• **Try it**
Transcribe, word for word and with nothing extra, the line containing "this 1500×1000 image." and each line that comes after it in the entries.

(Records drawn from a dataset)

------------------------------

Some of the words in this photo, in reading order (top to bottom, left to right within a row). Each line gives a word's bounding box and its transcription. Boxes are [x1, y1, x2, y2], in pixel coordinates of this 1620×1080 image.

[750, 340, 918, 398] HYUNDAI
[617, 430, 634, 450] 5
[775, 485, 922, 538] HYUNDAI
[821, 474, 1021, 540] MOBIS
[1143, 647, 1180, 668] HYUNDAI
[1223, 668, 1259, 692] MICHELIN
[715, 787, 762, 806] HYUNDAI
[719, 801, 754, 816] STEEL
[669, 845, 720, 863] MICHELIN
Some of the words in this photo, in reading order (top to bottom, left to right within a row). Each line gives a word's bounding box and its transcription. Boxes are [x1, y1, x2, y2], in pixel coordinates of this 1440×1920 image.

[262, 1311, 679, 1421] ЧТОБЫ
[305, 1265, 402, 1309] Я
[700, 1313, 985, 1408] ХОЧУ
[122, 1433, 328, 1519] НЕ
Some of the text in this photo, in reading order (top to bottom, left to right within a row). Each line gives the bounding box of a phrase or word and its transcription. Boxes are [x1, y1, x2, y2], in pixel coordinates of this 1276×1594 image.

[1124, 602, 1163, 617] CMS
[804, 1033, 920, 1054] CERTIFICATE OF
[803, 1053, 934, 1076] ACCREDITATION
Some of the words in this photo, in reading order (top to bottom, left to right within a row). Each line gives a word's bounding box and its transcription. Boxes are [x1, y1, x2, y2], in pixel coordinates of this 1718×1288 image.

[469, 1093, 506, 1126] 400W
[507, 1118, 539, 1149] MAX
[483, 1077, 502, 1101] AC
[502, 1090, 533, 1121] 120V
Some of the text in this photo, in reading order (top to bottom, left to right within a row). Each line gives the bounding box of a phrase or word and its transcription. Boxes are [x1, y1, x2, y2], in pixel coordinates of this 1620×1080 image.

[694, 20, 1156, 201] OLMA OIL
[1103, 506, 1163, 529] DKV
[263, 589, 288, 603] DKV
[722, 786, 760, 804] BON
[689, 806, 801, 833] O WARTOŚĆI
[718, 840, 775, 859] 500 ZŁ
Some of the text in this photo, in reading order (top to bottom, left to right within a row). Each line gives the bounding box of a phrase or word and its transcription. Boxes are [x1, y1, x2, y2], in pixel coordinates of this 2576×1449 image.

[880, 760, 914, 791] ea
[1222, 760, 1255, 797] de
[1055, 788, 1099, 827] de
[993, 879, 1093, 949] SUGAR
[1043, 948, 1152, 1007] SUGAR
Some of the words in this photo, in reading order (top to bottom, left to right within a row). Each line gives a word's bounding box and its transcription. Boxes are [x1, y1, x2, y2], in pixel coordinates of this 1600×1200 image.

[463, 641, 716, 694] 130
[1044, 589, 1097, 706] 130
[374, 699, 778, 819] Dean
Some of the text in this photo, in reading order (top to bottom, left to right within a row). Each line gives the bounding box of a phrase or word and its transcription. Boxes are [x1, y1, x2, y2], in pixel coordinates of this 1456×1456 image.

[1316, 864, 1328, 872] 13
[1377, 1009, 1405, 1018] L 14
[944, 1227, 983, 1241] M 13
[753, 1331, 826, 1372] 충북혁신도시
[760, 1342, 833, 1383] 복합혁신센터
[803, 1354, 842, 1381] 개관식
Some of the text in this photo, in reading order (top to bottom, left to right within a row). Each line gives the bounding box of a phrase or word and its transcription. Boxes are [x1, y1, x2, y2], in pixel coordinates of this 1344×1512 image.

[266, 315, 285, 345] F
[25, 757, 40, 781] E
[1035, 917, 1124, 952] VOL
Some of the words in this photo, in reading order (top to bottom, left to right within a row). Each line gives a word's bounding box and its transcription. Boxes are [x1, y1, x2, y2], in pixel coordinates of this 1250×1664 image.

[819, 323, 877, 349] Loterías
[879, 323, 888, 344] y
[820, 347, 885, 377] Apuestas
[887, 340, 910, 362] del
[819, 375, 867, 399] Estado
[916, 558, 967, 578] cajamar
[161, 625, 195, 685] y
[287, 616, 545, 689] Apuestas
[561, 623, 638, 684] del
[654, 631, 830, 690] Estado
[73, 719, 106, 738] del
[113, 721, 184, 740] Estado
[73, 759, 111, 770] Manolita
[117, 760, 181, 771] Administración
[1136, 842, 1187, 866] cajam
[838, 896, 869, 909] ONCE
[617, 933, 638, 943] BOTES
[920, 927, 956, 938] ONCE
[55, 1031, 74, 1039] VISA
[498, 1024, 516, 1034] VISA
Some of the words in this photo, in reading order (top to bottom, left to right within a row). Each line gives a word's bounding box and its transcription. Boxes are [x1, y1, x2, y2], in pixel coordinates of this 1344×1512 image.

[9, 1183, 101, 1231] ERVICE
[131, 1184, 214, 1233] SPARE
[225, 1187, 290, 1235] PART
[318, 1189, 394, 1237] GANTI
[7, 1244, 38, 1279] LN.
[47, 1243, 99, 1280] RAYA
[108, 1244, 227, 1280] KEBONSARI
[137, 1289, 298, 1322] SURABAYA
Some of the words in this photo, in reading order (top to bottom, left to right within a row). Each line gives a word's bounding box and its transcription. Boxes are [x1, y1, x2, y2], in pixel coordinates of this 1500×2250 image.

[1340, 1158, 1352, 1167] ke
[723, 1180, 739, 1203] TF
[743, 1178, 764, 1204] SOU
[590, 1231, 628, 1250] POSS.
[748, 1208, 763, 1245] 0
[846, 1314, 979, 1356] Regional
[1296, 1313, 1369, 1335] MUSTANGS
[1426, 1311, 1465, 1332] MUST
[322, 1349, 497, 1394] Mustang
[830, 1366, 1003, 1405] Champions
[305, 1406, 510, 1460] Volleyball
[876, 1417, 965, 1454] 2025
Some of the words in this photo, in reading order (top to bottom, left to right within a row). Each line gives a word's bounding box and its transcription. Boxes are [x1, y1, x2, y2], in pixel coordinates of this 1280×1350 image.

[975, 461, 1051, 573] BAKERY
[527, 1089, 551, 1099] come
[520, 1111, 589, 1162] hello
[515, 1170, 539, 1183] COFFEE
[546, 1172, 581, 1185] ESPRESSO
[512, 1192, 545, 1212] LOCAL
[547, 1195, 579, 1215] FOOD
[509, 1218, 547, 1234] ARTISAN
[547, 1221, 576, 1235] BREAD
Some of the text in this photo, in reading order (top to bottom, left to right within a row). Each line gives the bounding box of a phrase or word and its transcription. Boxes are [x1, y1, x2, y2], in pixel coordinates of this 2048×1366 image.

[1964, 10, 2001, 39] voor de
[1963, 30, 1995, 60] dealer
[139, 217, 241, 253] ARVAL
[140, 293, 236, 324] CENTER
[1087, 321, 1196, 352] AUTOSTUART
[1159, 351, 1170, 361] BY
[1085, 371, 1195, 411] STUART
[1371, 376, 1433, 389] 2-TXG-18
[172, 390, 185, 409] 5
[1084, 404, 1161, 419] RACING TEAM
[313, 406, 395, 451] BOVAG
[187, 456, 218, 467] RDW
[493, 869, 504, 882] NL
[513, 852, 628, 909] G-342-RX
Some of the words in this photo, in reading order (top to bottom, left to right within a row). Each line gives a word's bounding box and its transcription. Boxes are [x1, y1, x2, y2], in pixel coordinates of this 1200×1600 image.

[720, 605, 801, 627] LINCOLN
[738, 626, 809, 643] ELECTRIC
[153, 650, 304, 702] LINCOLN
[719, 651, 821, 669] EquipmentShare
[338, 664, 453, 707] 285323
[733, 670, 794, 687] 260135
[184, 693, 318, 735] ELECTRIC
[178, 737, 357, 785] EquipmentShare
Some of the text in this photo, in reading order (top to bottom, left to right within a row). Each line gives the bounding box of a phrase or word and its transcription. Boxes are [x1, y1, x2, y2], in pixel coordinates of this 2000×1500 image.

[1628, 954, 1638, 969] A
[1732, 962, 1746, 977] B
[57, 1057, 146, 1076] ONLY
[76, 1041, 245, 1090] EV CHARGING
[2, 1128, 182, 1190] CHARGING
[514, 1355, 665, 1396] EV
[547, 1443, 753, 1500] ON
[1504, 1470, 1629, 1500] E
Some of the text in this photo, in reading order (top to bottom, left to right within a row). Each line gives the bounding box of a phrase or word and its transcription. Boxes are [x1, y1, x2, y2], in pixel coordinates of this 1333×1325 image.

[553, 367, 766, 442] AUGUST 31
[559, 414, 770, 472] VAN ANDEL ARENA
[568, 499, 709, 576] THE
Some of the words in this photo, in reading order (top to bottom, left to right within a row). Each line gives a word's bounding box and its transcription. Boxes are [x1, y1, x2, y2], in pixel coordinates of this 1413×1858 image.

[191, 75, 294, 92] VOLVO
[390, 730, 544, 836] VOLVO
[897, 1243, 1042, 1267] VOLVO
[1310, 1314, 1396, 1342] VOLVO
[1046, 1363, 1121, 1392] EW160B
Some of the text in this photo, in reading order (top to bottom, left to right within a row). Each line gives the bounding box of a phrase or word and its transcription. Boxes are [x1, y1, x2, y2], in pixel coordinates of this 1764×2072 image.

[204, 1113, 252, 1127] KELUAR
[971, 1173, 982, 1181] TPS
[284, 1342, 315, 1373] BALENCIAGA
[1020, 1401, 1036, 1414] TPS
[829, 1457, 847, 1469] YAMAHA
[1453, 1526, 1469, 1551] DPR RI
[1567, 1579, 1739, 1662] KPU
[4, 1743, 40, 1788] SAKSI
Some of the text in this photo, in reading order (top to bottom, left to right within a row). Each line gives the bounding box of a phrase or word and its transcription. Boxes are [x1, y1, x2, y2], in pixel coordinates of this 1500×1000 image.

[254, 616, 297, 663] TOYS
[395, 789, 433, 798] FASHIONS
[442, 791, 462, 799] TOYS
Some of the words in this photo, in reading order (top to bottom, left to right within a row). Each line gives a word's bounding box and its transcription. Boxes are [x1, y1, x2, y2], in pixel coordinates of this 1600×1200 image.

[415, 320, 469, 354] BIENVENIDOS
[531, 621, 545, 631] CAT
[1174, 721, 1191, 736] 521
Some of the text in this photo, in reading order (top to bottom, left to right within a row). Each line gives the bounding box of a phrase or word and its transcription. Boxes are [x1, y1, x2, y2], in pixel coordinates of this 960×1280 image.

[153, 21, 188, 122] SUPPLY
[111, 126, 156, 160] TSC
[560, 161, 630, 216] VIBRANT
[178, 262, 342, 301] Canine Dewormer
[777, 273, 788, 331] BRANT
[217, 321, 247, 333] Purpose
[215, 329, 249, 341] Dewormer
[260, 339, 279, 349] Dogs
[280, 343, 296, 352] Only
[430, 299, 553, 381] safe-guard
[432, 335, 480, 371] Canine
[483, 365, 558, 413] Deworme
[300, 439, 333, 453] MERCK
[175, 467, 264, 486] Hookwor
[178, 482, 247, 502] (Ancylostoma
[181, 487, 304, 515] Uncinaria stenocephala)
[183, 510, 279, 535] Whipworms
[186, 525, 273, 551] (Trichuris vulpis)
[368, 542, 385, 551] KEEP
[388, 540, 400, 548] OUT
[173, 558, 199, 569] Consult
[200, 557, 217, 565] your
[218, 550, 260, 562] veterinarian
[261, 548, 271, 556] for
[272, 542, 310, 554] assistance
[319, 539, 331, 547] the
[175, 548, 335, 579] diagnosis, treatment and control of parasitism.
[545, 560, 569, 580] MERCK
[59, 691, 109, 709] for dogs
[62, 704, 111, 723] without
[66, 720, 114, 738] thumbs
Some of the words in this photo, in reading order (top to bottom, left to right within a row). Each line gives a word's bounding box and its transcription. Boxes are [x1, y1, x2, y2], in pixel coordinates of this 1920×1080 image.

------------------------------

• **Output**
Some of the text in this photo, in reading order (top to bottom, left to right within a row). Each line gives the bounding box of a phrase or word and its transcription. Boxes are [x1, y1, x2, y2], in pixel coordinates of this 1500×1000 image.

[254, 616, 297, 663] TOYS
[395, 789, 433, 798] FASHIONS
[442, 791, 462, 799] TOYS
Some of the words in this photo, in reading order (top to bottom, left to right within a row). Each line gives a word's bounding box and its transcription. Boxes are [x1, y1, x2, y2], in pixel coordinates of this 1600×1200 image.

[415, 320, 469, 354] BIENVENIDOS
[531, 621, 545, 631] CAT
[1174, 721, 1191, 736] 521
Some of the text in this photo, in reading order (top to bottom, left to right within a row). Each line gives the bounding box of a phrase or word and its transcription. Boxes are [x1, y1, x2, y2], in pixel coordinates of this 960×1280 image.

[153, 21, 188, 122] SUPPLY
[111, 126, 156, 160] TSC
[560, 161, 630, 216] VIBRANT
[178, 262, 342, 301] Canine Dewormer
[777, 273, 788, 331] BRANT
[217, 321, 247, 333] Purpose
[215, 329, 249, 341] Dewormer
[260, 339, 279, 349] Dogs
[280, 343, 296, 352] Only
[430, 299, 553, 381] safe-guard
[432, 335, 480, 371] Canine
[483, 365, 558, 413] Deworme
[300, 439, 333, 453] MERCK
[175, 467, 264, 486] Hookwor
[178, 482, 247, 502] (Ancylostoma
[181, 487, 304, 515] Uncinaria stenocephala)
[183, 510, 279, 535] Whipworms
[186, 525, 273, 551] (Trichuris vulpis)
[368, 542, 385, 551] KEEP
[388, 540, 400, 548] OUT
[173, 558, 199, 569] Consult
[200, 557, 217, 565] your
[218, 550, 260, 562] veterinarian
[261, 548, 271, 556] for
[272, 542, 310, 554] assistance
[319, 539, 331, 547] the
[175, 548, 335, 579] diagnosis, treatment and control of parasitism.
[545, 560, 569, 580] MERCK
[59, 691, 109, 709] for dogs
[62, 704, 111, 723] without
[66, 720, 114, 738] thumbs
Some of the words in this photo, in reading order (top to bottom, left to right within a row). Each line gives a word's bounding box and its transcription. Boxes are [x1, y1, x2, y2], in pixel coordinates of this 1920×1080 image.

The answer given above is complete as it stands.